(Dataset entries)

- - -

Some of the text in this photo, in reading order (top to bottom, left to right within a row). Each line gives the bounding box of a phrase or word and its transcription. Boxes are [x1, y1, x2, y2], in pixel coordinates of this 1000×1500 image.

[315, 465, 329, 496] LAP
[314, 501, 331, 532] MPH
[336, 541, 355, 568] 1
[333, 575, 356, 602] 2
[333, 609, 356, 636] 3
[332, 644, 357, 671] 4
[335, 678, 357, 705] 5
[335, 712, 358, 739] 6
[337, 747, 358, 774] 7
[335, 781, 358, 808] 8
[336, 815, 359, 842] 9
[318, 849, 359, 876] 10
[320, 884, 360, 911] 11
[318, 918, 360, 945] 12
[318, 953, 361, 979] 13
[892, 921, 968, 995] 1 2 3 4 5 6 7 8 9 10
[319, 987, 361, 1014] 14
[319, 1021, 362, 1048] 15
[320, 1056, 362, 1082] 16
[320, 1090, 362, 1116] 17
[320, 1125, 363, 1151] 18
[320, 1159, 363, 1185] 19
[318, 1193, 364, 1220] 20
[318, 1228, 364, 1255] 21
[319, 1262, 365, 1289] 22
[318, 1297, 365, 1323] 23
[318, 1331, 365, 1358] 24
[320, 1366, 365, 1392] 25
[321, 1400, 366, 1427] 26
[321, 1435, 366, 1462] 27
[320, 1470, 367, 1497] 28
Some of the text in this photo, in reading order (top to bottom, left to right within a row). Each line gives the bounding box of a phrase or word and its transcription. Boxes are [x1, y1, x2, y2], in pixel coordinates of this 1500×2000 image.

- - -

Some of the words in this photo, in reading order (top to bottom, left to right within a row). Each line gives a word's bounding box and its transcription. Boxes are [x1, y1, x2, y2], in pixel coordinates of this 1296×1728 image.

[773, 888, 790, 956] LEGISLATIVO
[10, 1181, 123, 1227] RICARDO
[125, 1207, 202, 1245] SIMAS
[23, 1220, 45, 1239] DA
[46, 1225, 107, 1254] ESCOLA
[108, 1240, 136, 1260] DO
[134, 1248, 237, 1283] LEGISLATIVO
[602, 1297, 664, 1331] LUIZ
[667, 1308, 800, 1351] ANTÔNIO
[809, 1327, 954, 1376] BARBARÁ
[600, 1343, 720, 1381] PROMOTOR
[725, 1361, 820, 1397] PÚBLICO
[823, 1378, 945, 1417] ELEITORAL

- - -

### Brief
Copy word for word the stretch of entries above from the line that has "this 1000×1500 image." through the line that has "this 1500×2000 image.", both ends included, and nothing outside it.

### Expected answer
Some of the text in this photo, in reading order (top to bottom, left to right within a row). Each line gives the bounding box of a phrase or word and its transcription. Boxes are [x1, y1, x2, y2], in pixel coordinates of this 1000×1500 image.

[315, 465, 329, 496] LAP
[314, 501, 331, 532] MPH
[336, 541, 355, 568] 1
[333, 575, 356, 602] 2
[333, 609, 356, 636] 3
[332, 644, 357, 671] 4
[335, 678, 357, 705] 5
[335, 712, 358, 739] 6
[337, 747, 358, 774] 7
[335, 781, 358, 808] 8
[336, 815, 359, 842] 9
[318, 849, 359, 876] 10
[320, 884, 360, 911] 11
[318, 918, 360, 945] 12
[318, 953, 361, 979] 13
[892, 921, 968, 995] 1 2 3 4 5 6 7 8 9 10
[319, 987, 361, 1014] 14
[319, 1021, 362, 1048] 15
[320, 1056, 362, 1082] 16
[320, 1090, 362, 1116] 17
[320, 1125, 363, 1151] 18
[320, 1159, 363, 1185] 19
[318, 1193, 364, 1220] 20
[318, 1228, 364, 1255] 21
[319, 1262, 365, 1289] 22
[318, 1297, 365, 1323] 23
[318, 1331, 365, 1358] 24
[320, 1366, 365, 1392] 25
[321, 1400, 366, 1427] 26
[321, 1435, 366, 1462] 27
[320, 1470, 367, 1497] 28
Some of the text in this photo, in reading order (top to bottom, left to right within a row). Each line gives the bounding box of a phrase or word and its transcription. Boxes are [x1, y1, x2, y2], in pixel coordinates of this 1500×2000 image.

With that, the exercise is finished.